Canova réalisa un second exemplaire en marbre d’après le même modèle en plâtre que l’exemplaire du Louvre. Celui-ci est aujourd’hui conservé au musée de l’Ermitage à Saint-Pétersbourg. Il avait été acquis par le tsar  Alexandre 1er en 1815 avec les collections de Joséphine, la première épouse de Napoléon.

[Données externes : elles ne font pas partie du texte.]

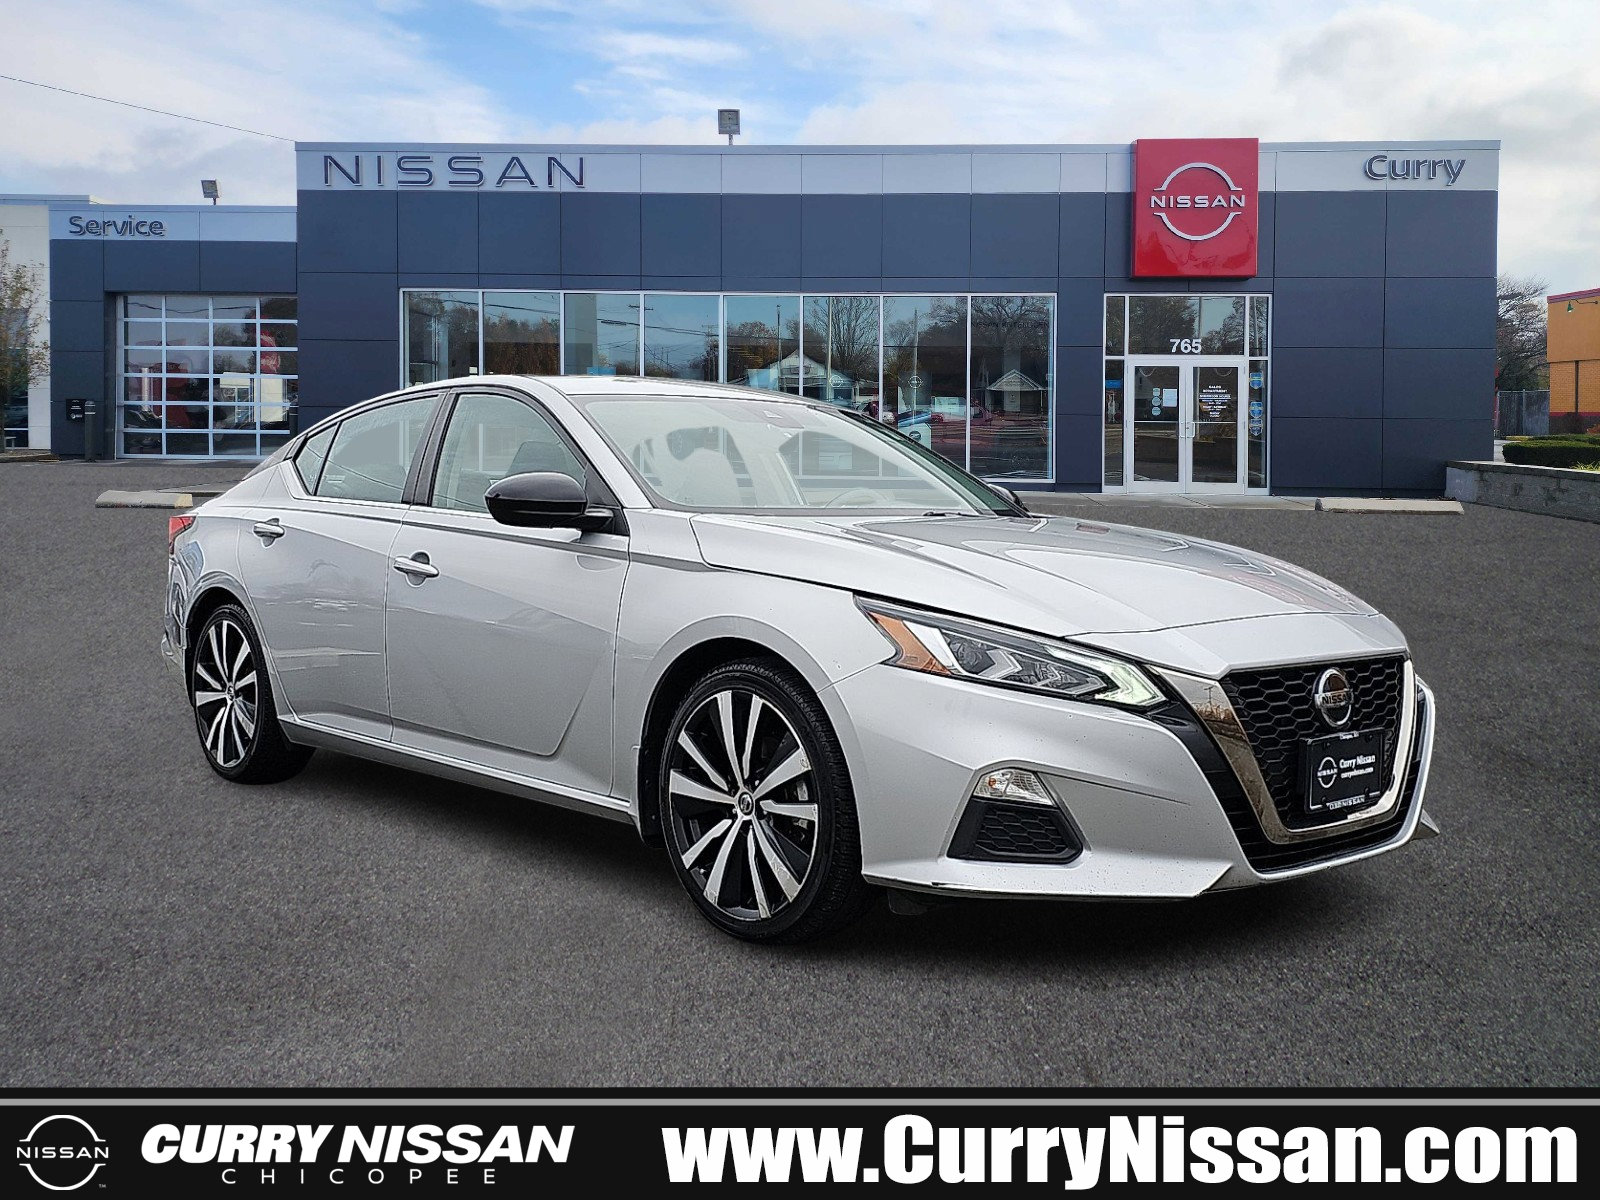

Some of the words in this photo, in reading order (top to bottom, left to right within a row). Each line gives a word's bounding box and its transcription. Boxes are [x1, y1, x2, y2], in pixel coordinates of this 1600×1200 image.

Deux statues debout : un pari difficile

Dédale et Icare, Adonis et Vénus, Mars et Vénus, Hector et Achille sont autant d’autres exemples qui témoignent de la maîtrise de Canova à scénographier deux personnages debout. C’est un art difficile. Rien n’est statique ni figé. Mais Canova trouve des solutions iconographiques simples. Il transcende le modèle antique de l’Amour et Psyché du Capitole pour créer une vraie dualité, une véritable complicité entre les personnages. L’un ne va pas sans l’autre. Jeux de regards, attachement par les gestes, tout concourre à amener le spectateur à ne pas penser à chacune des figures individuellement mais à un seul ensemble : union des deux têtes, groupe de trois mains.  Ceci n’est pas seulement vrai pour les visages ou les bras, mais les corps aussi s’articulent gracieusement l’un vers l’autre, ou s’épousent.  
L’Amour et Psyché debout est une œuvre majeure de Canova, qui sera largement répliquée et qui inspirera de nombreux artistes pendant tout le XIXe siècle.